* [Assignment]: Output the entries below exactly as written, omitting pictures.

* [Source data]:
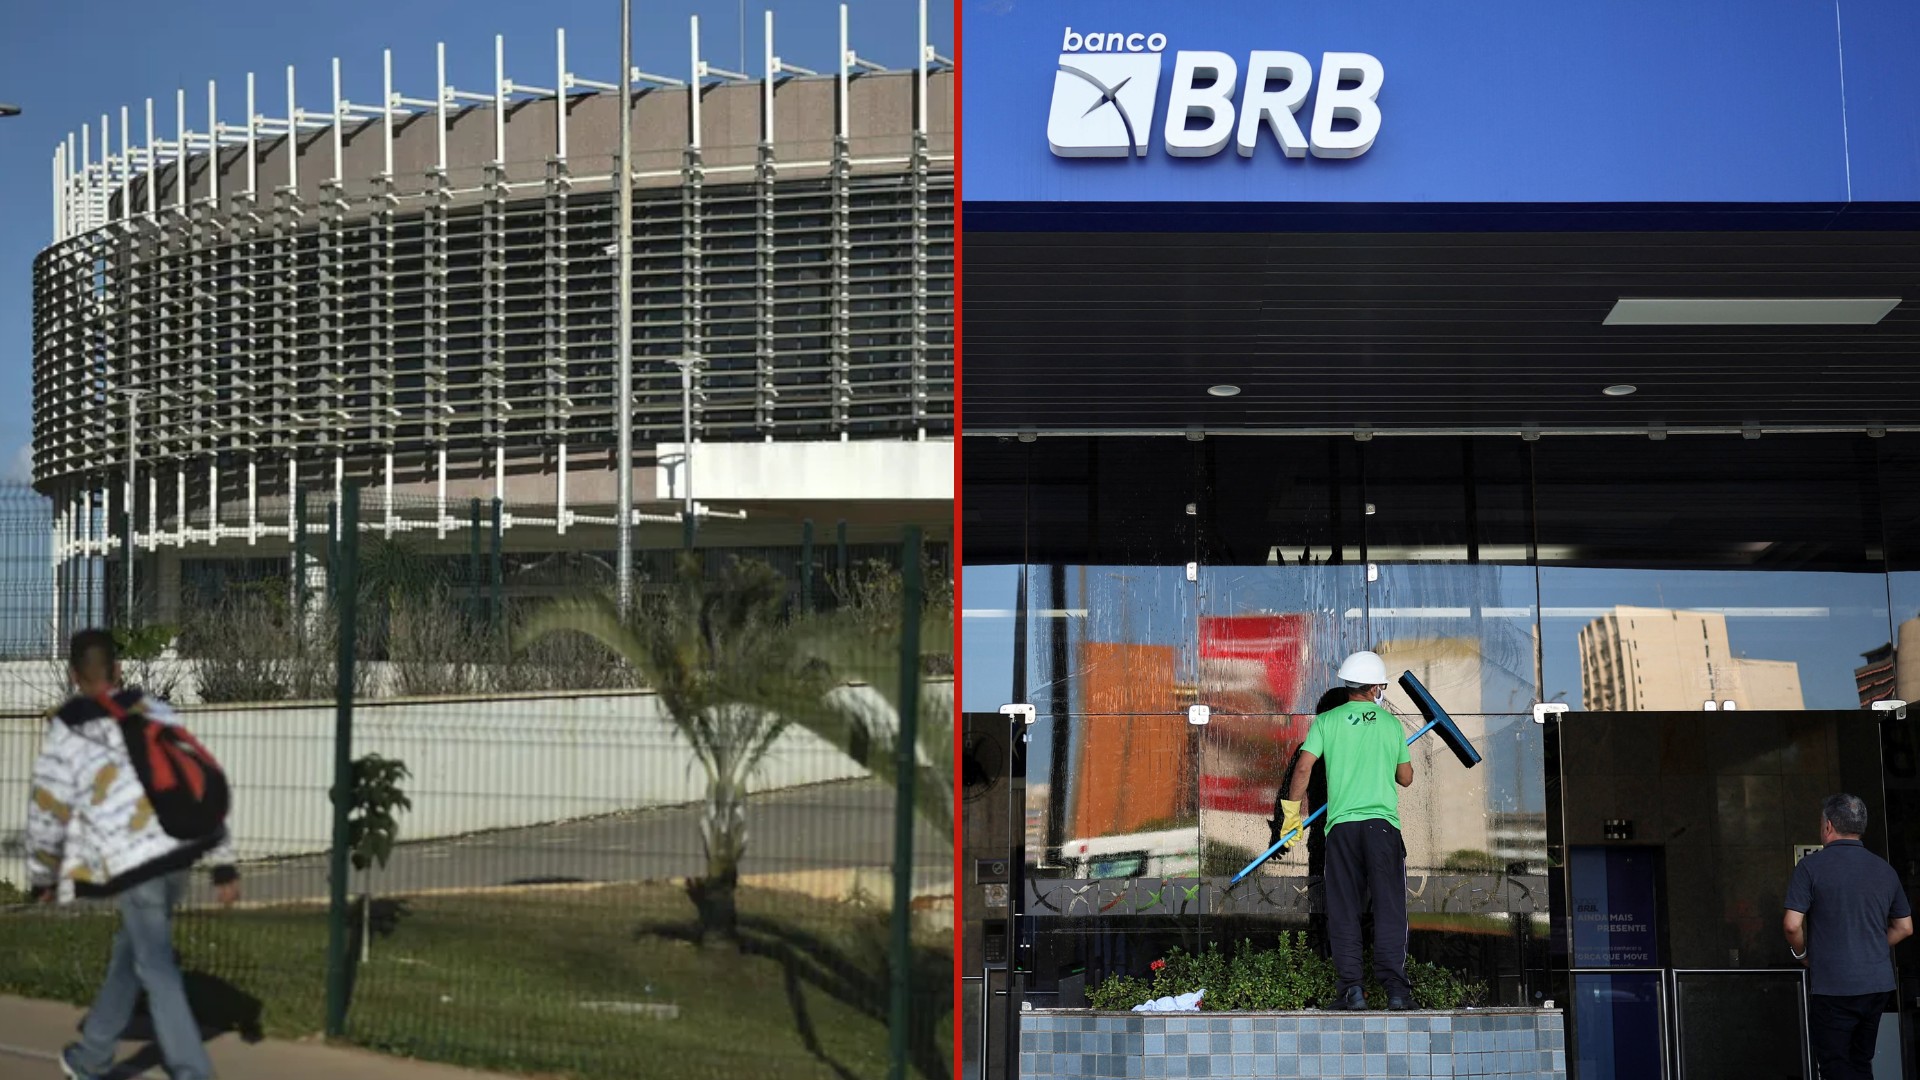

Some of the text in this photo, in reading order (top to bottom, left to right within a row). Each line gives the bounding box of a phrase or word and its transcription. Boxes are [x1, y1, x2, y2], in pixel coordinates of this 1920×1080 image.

[1062, 26, 1167, 52] banco
[1164, 49, 1385, 159] BRB
[1362, 711, 1377, 721] K2
[1577, 913, 1633, 921] AINDA MAIS
[1597, 924, 1647, 932] PRESENTE
[1602, 953, 1620, 962] QUE
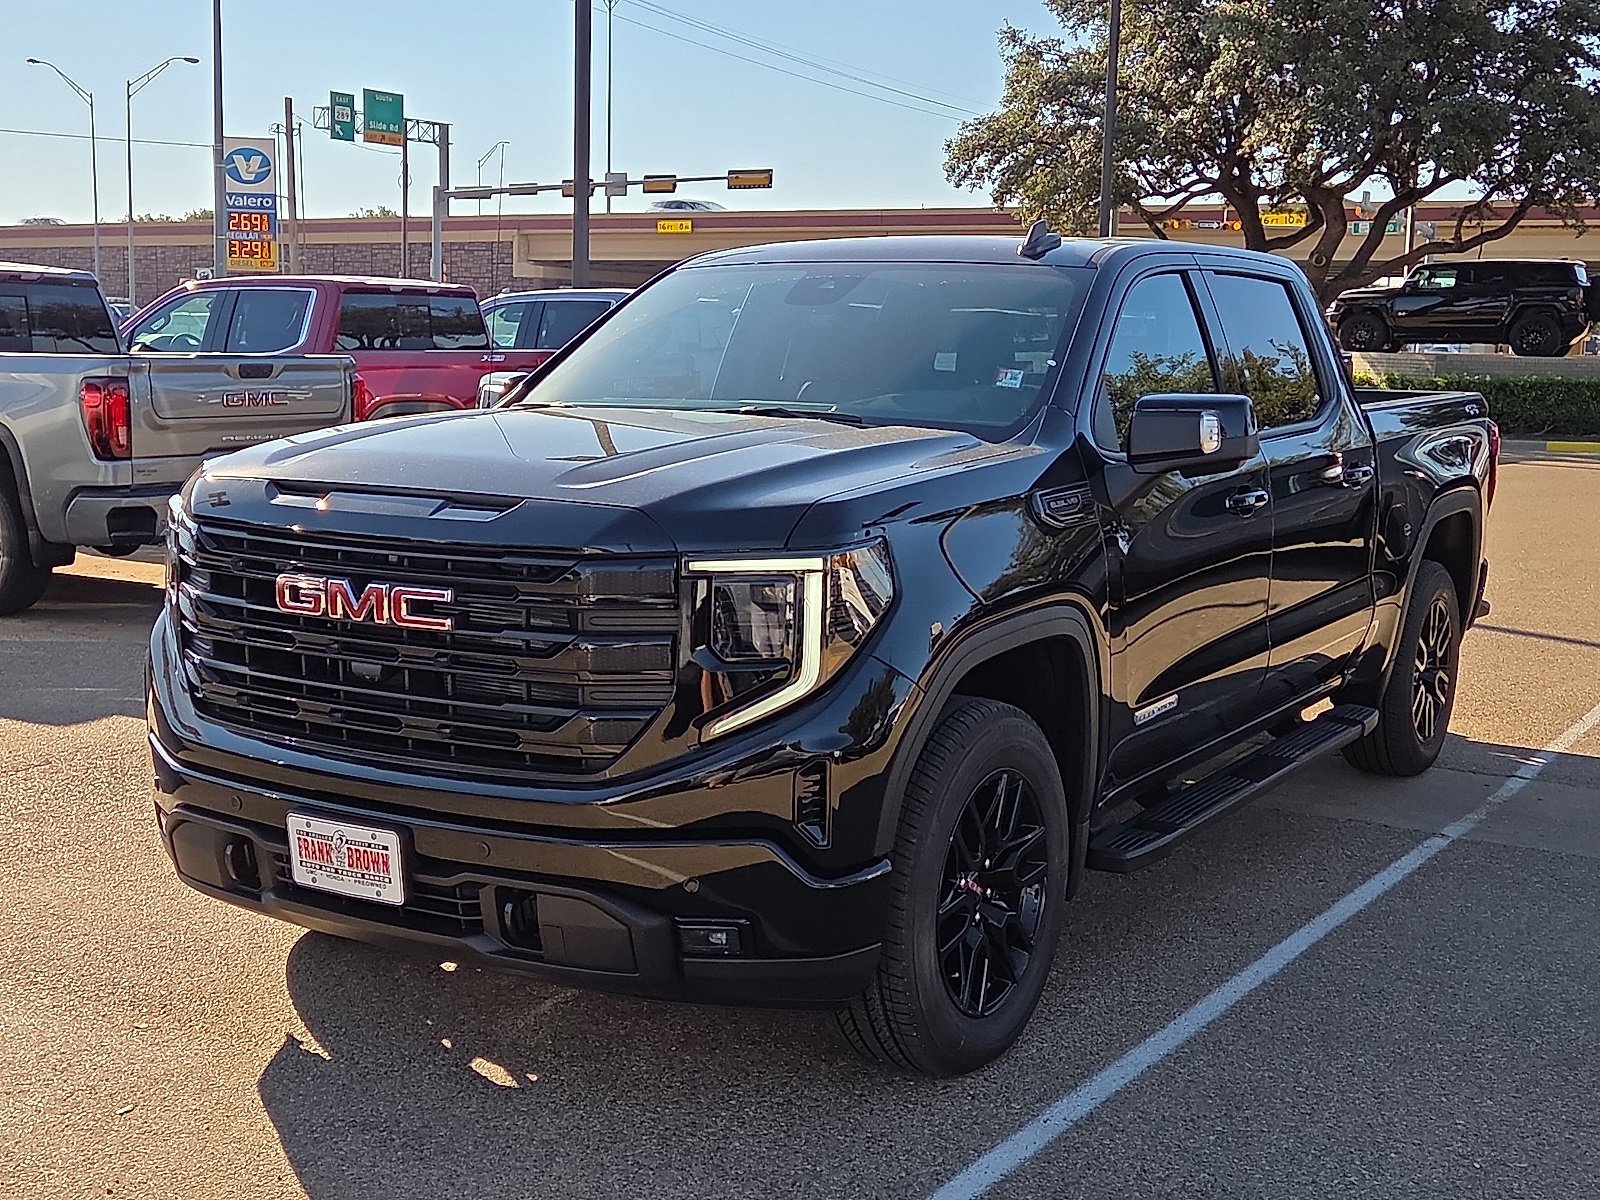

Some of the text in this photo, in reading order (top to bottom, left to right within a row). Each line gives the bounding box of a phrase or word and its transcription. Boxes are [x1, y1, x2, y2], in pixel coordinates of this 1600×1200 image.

[336, 111, 350, 120] 289
[369, 120, 399, 132] Slide Rd
[225, 194, 273, 207] Valero
[226, 231, 259, 240] REGULAR
[230, 259, 254, 268] DIESEL
[223, 390, 290, 408] GMC
[276, 573, 453, 631] GMC
[296, 836, 335, 866] FRANK
[346, 846, 391, 877] BROWN
[301, 861, 321, 870] AUTO
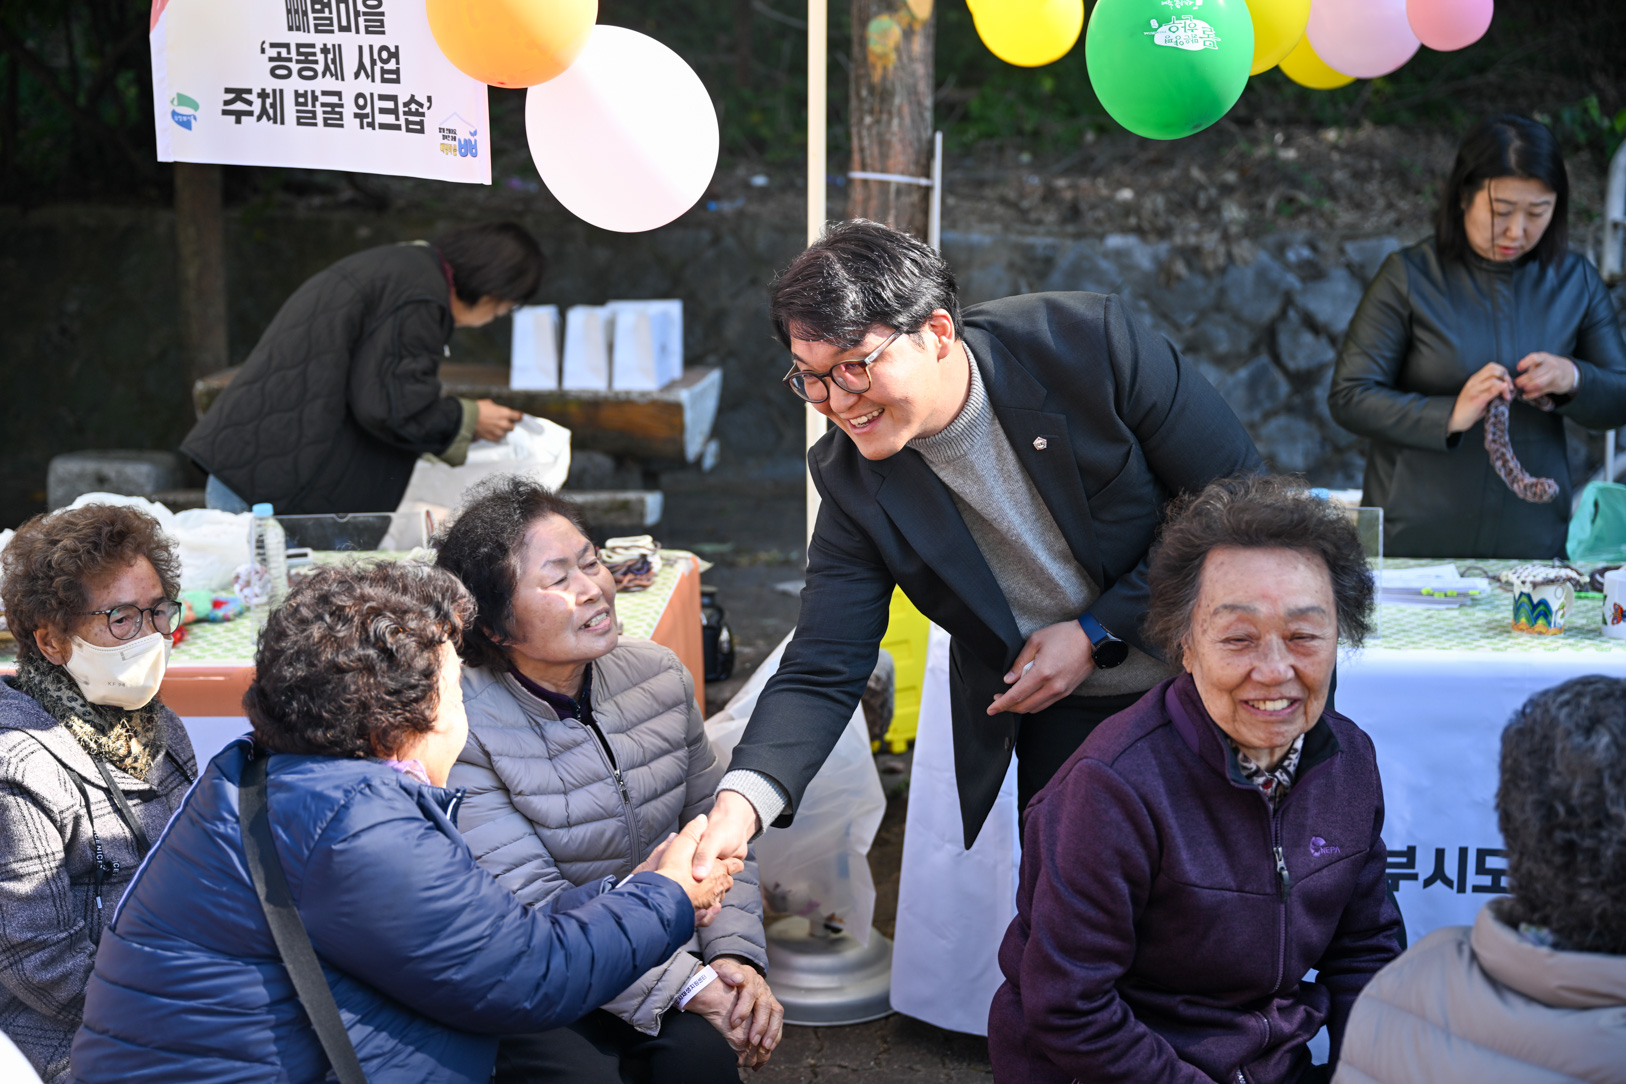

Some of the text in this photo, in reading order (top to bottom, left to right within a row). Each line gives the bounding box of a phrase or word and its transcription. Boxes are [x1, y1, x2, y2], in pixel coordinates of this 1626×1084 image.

[260, 40, 401, 84] ‘공동체 사업
[221, 87, 433, 134] 주체 발굴 워크숍’

* [Exercise response]:
Some of the text in this photo, in reading order (top to bottom, left to right within a row). Each line gives the bounding box of a phrase or word and its transcription. Boxes are [x1, y1, x2, y2], in pixel coordinates of this 1920×1080 image.

[1062, 26, 1167, 52] banco
[1164, 49, 1385, 159] BRB
[1362, 711, 1377, 721] K2
[1577, 913, 1633, 921] AINDA MAIS
[1597, 924, 1647, 932] PRESENTE
[1602, 953, 1620, 962] QUE

Some of the text in this photo, in reading order (top to bottom, left to right within a row). Each line gives the bounding box of a phrase or word and its transcription. Boxes are [x1, y1, x2, y2], in pixel coordinates of this 1600×1200 image.

[336, 111, 350, 120] 289
[369, 120, 399, 132] Slide Rd
[225, 194, 273, 207] Valero
[226, 231, 259, 240] REGULAR
[230, 259, 254, 268] DIESEL
[223, 390, 290, 408] GMC
[276, 573, 453, 631] GMC
[296, 836, 335, 866] FRANK
[346, 846, 391, 877] BROWN
[301, 861, 321, 870] AUTO

Some of the text in this photo, in reading order (top to bottom, left to right within a row). Each line gives the bounding box of a phrase or word and its transcription. Boxes are [x1, y1, x2, y2], in pixel coordinates of this 1626×1084 image.

[260, 40, 401, 84] ‘공동체 사업
[221, 87, 433, 134] 주체 발굴 워크숍’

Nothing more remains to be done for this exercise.